I eventually got a hang of it: counting points forced me to become aware of everything that went into my mouth. [Stop giggling, you pervs!] I learned to make mental trade-offs: “Do I want to have this piece of cheap cookie now or do I want a shot of vodka later?”  I started eating healthier with less carb and smaller portions without going hungry and found myself with lots more energy. When we left for Taiwan last August to visit my family I’d lost about 15 lbs.

I was excited to be home even more because I thought that my family would notice my weight loss and would, you know, say something nice.

What was I thinking?

I tried to brush off the usual comments about my “American” size –  These comments were laid upon me by everybody, I mean, EVERYBODY, sometimes even strangers (grandmothers with good intentions lest I lose my husband due to my not keeping myself in good shape…) every time I went home. you’d thought by then I’d gotten used to them.

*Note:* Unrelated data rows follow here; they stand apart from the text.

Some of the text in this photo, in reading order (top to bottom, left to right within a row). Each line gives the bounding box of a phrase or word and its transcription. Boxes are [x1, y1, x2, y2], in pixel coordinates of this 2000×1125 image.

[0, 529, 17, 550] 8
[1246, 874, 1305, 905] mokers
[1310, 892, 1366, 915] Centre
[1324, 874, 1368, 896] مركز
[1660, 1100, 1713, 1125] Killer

Pardon the cliche, but the straw that broke the camel’s back was when a female relative greeted me with this line, “Come let me see how much fatter you are since the last time I saw you.” It sounds a lot worse in English. In Chinese, it could be interpreted as a good-humored tease, showing affection and familiarity. But what the fuck? I’d lost 15 lbs before I came home. How much thinner do I have to be to make you people happy?!

The thing about teasing by your Chinese family is that you cannot get upset. If you do, people will be offended that you cannot take a joke, and that somehow is a sign of poor upbringing.

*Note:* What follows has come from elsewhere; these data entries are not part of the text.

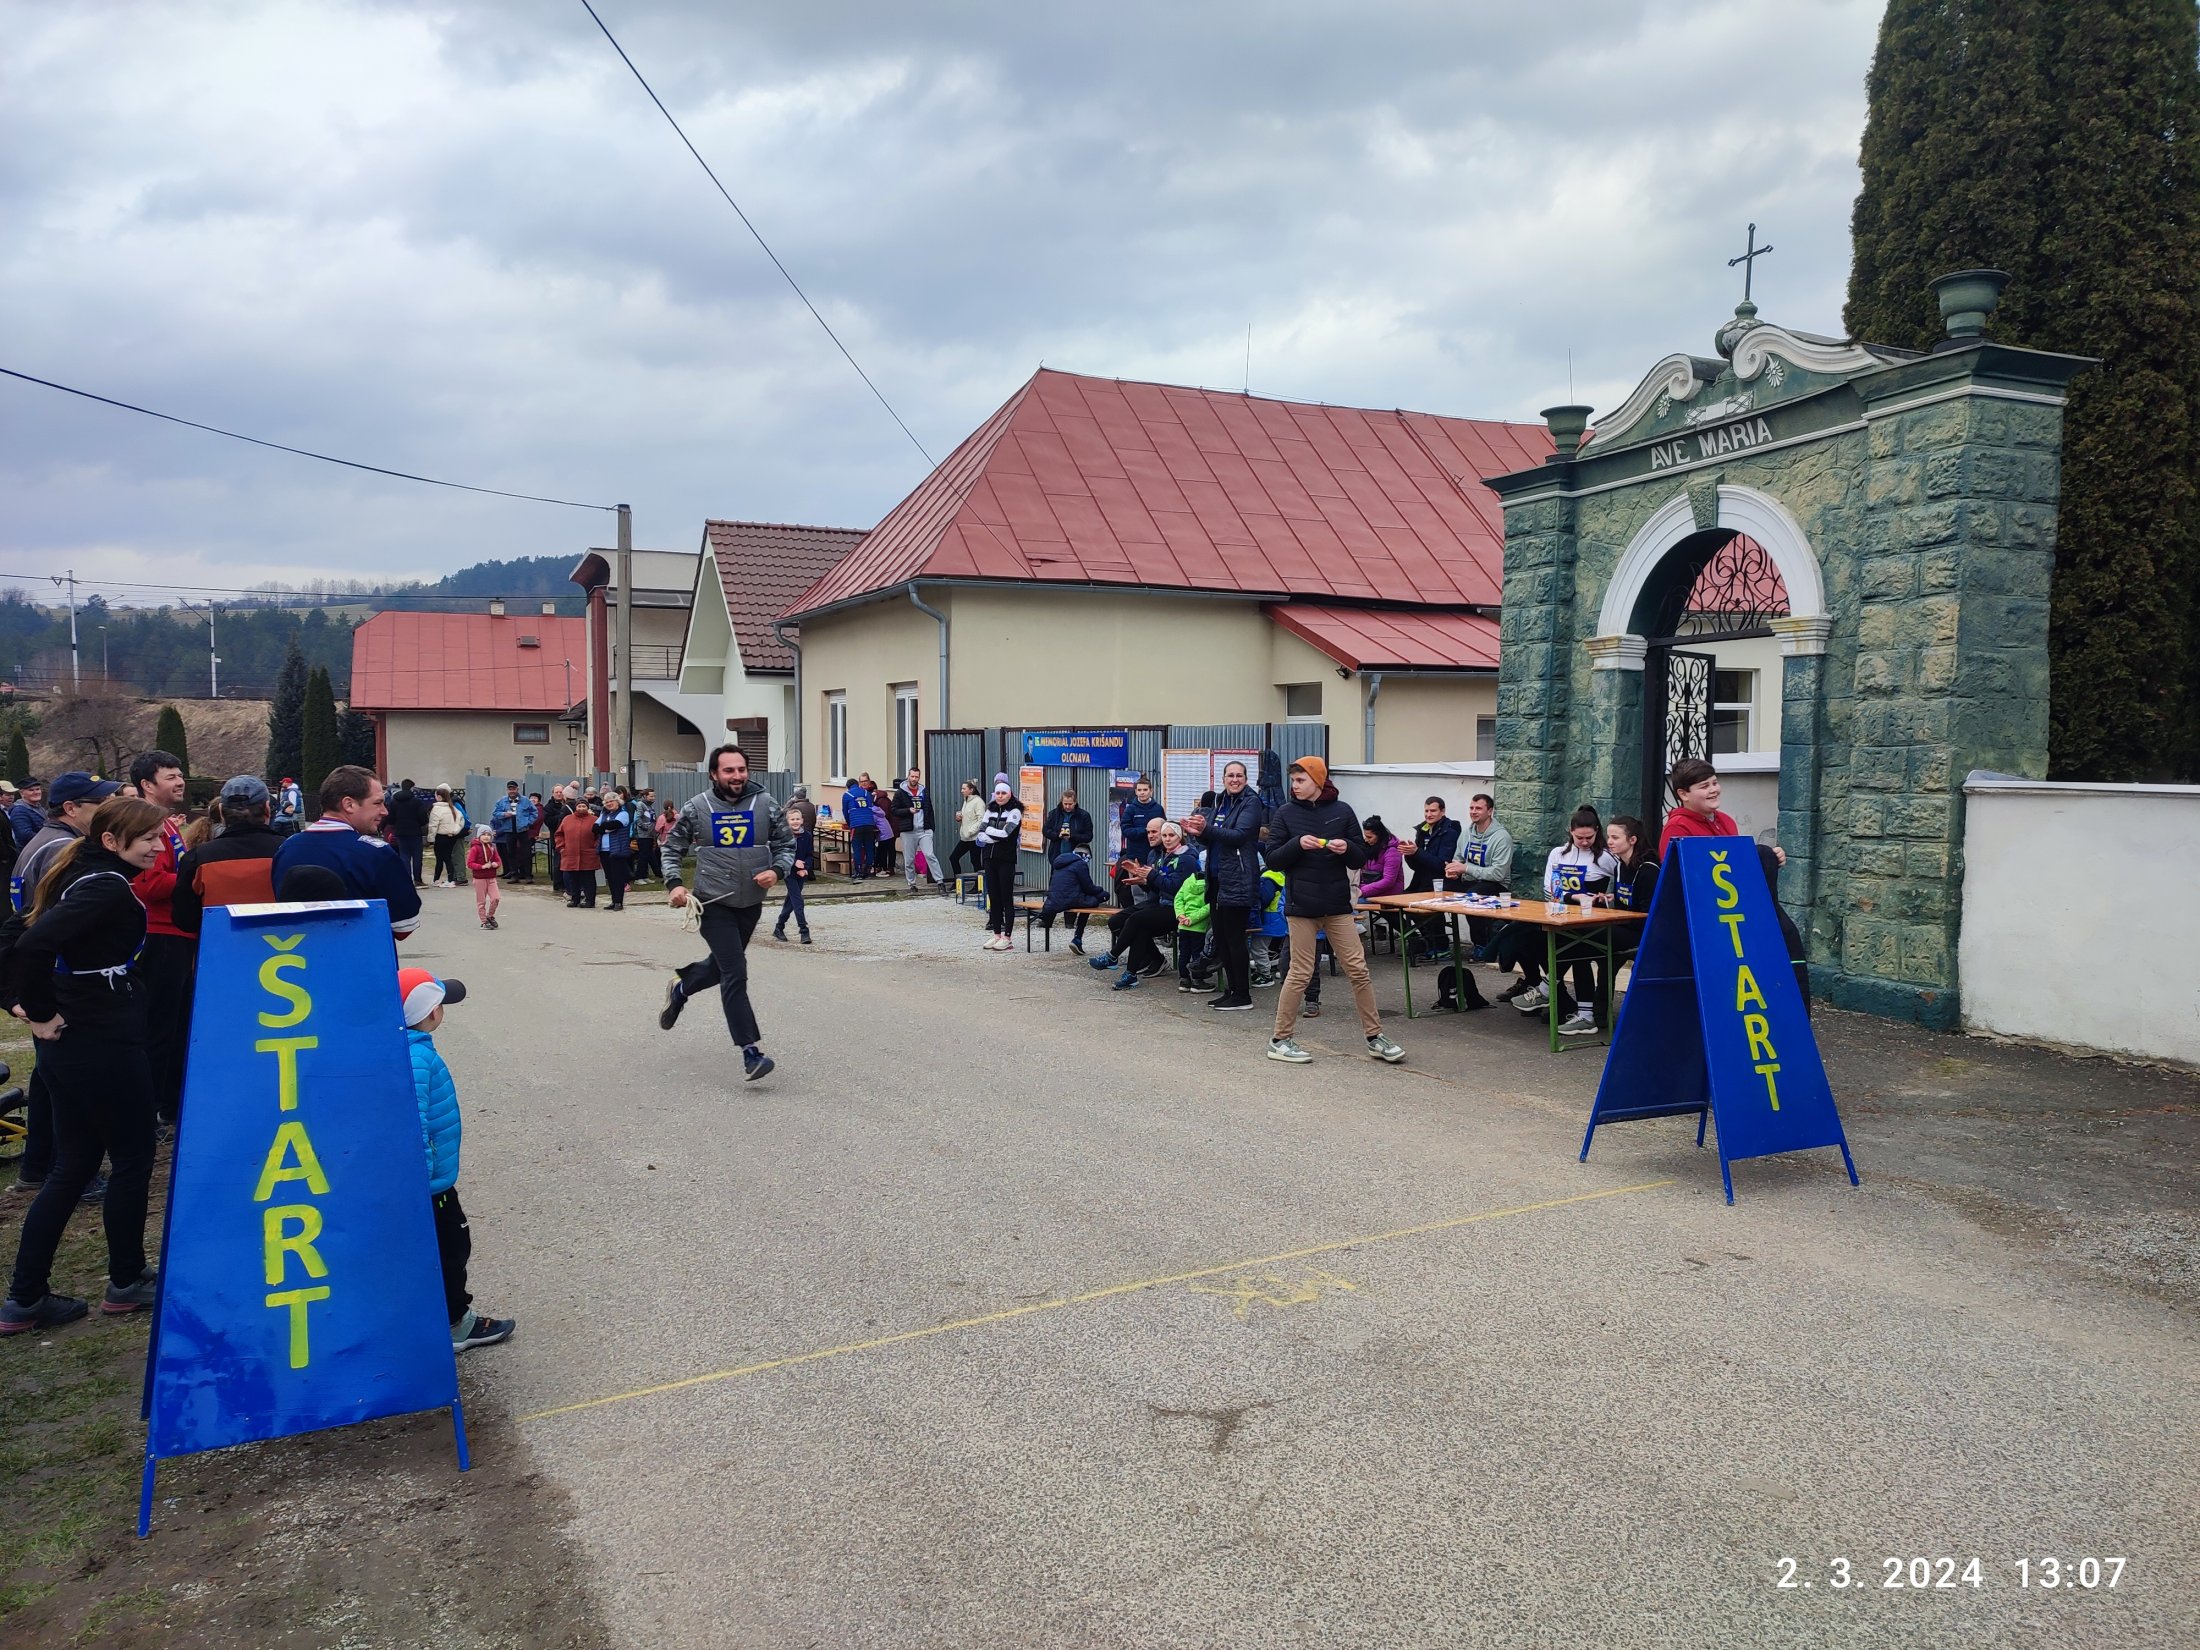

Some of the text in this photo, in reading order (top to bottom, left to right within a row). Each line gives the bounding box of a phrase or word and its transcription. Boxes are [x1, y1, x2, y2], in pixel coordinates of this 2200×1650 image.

[1651, 417, 1773, 470] AVE MARIA
[1069, 736, 1090, 748] JOZEFA
[1091, 733, 1124, 748] KRIŠANDU
[1061, 752, 1091, 764] OLCNAVA
[912, 801, 922, 809] 13
[720, 826, 748, 845] 37
[1560, 876, 1581, 891] 30
[1709, 850, 1781, 1112] ŠTART
[253, 933, 330, 1369] ŠTART

“You bring dishonor to your family.” <– Ok. That was a joke.

I gritted my teeth and smiled while she spun me around.  As soon as she’s done “inspecting” me, I immediately accused myself so I could rush to the bathroom and quietly sob behind the door.

Usually I give up easily. I don’t ever remember myself being the type of people that turn rejection into a motivating force.

“You don’t like me? Fine. I will just crawl into a dark corner and die. Take THAT!”

Something clicked however last summer as I sat wide awake in our hotel room at dawn while the kids were still sound asleep. [Btw, THANK GOD for kids that do not suffer jet lags!] I started taking full advantage of the decked out gym and spa at W Taipei. I was on the machine for an hour in the morning. I went back to the machine for another hour in the evening, sometimes after midnight because I resented those beautiful people that were frolicking in the bar area surrounding the beautiful swimming pool. [I know this does not make any sense at all. Just work with me…]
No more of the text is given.